It’s been nearly 48 hours since the Toronto Maple Leafs signed winger Mitch Marner to a six-year, $65.36MM deal, giving the team three players who will take up $33.52MM in cap space for the next six years, a significant amount for just three players. Regardless, stories about Marner’s new deal has been flooding the internet since Marner’s signing on Friday. Here are some reactions from around the NHL:
- It was expected that Marner’s signing would start a chain reaction of RFA signings with Brayden Point of the Tampa Bay Lightning likely to be the first domino to fall. However, TSN’s Pierre LeBrun reported that both sides were far apart in negotiations with the most recent offer weighing in at three years and $5.7MM. Considering the cap situation surrounding the Lightning, working out a deal that makes both sides happy could be quite the challenge.
- The Athletic’s Joe Smith (subscription required) points out that the Marner signing will likely have little to no effect on the Point signing. While the market seems to have opened up for RFA’s like Marner, the Lightning have made it clear they are sticking to their organizational philosophy of signing their RFAs to bridge deals before eventually offering them long-term deals. That’s how they have done it with Nikita Kucherov, Tyler Johnson, Ondrej Palat and Andrei Vasilevskiy.
- Lance Hornby of the Toronto Sun writes that Kyle Dubas is finally done with signing all his big-name free agents over the last couple of years, but notes that it took a toll on the young GM, who admits that he made a few mistakes. Dubas admits he should have locked all three restricted free agents (Marner, Auston Matthews and William Nylander) at once last year rather than allowing the negotiations go down to the wire. “You learn about the process, of things you do differently for the next time,” Dubas said. “With William, I wish we’d have been on it earlier, with Auston’s case, we had the information and we were projecting headward to go with him. In the end, I’m happy we’re able to deliver all three and bring John in as well.”
- The Toronto Sun’s Kevin McGran writes that Marner and the Maple Leafs have been miles apart for months, but it was Marner who blinked first this time. It had been made quite clear that Marner wanted two things out of the negotiations, which included remaining a Maple Leaf as well as he didn’t want to miss any games. However, after Marner budged, so did Toronto. “We had a sit-down on Thursday for quite a while,” said Dubas. “It was great for Mitch to tell me how he felt, and me to explain where we were at and what we were proposing and so on. About how he fit into the team, how the team was going to move forward and everything of that nature. It was a real positive in the process.”

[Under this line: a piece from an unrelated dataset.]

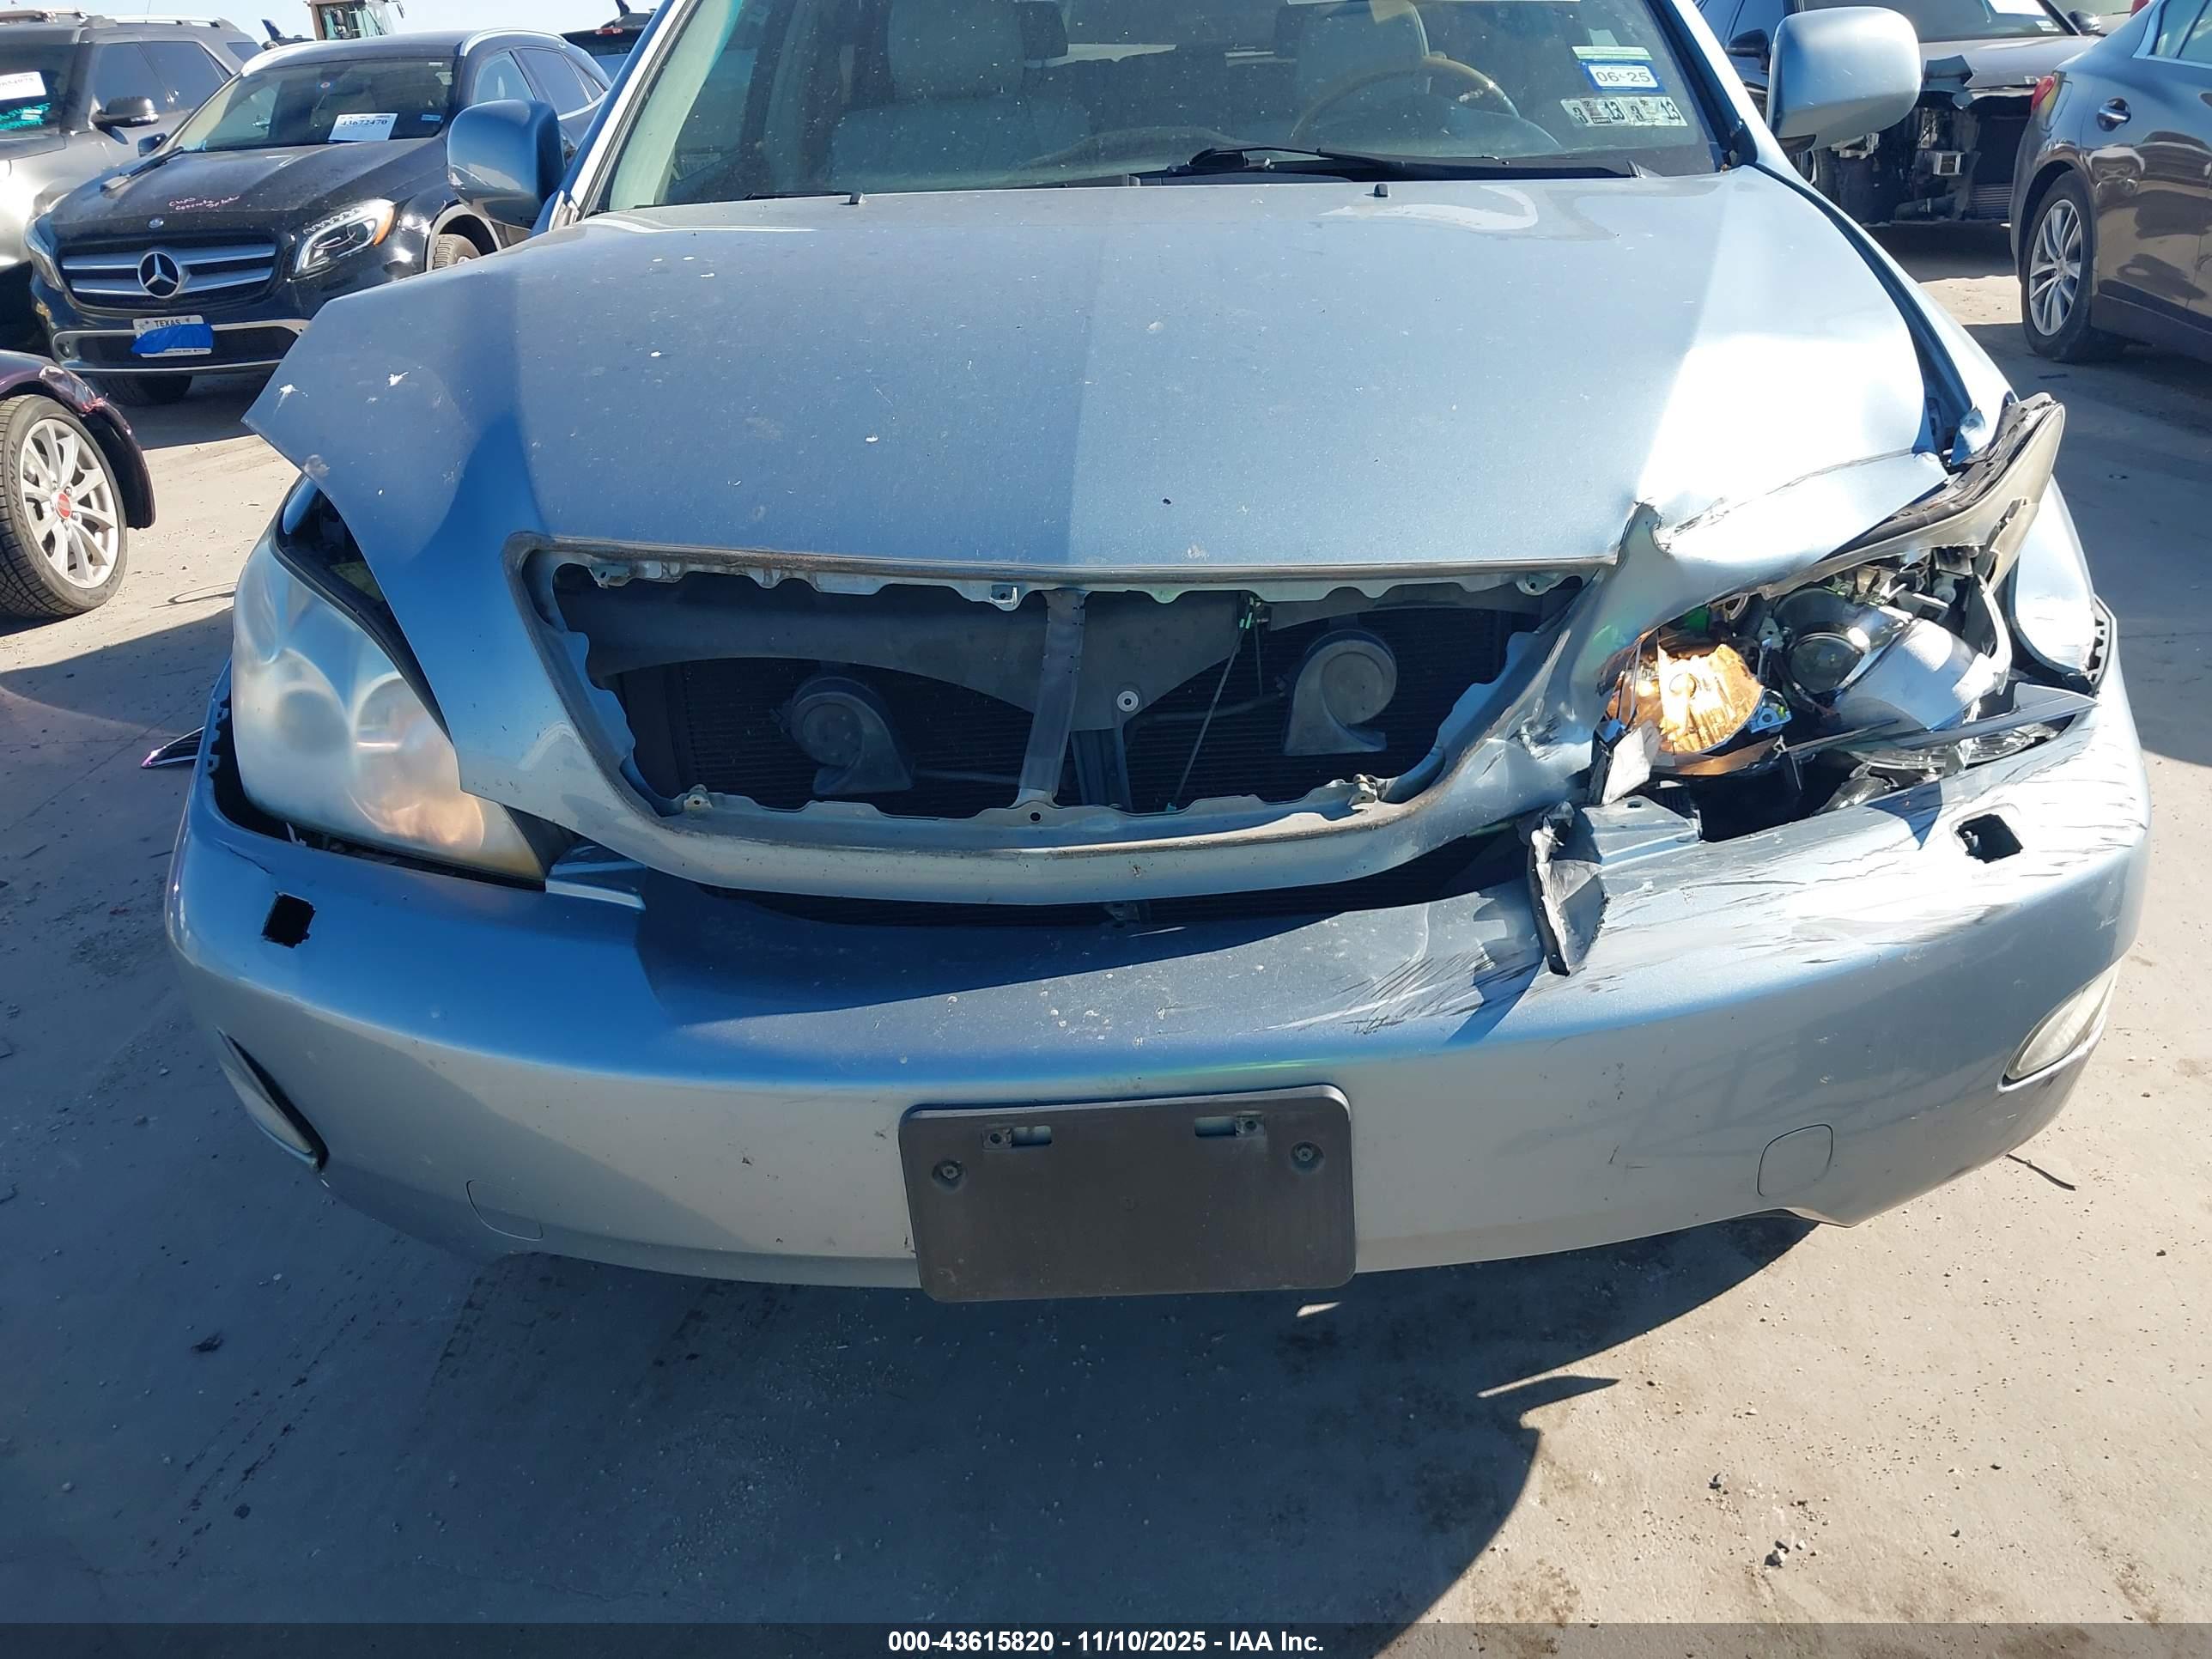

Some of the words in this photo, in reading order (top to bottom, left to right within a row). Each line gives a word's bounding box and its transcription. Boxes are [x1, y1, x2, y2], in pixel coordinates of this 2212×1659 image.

- The Athletic’s James Mirtle (subscription required) writes that the Maple Leafs signing of Marner puts even more pressure on Toronto’s young core. The core of Matthews, Marner and Nylander will have to now start winning and not just finally a first-round victory in the playoffs. The expectations are even higher with most fans now expecting a Stanley Cup win in the near future. Unfortunately with all the money thrown at those three (along with John Tavares), the Maple Leafs aren’t likely going to be able to bring in extra help at the trade deadline or the offseason and the team may lose more and more talent due to their long-term salary cap issues.
- The Athletic’s Jonas Siegel (subscription required) writes that the Toronto Maple Leafs were in tough situation while trying to lock up all their young forwards, but now that everything is completed and signed, the team will not regret signing all of them to long-term deals. The team’s core is now set and now Dubas must be able to find the pieces to fill in over the next few years despite the fact that Toronto will be in salary cap trouble for many years to come.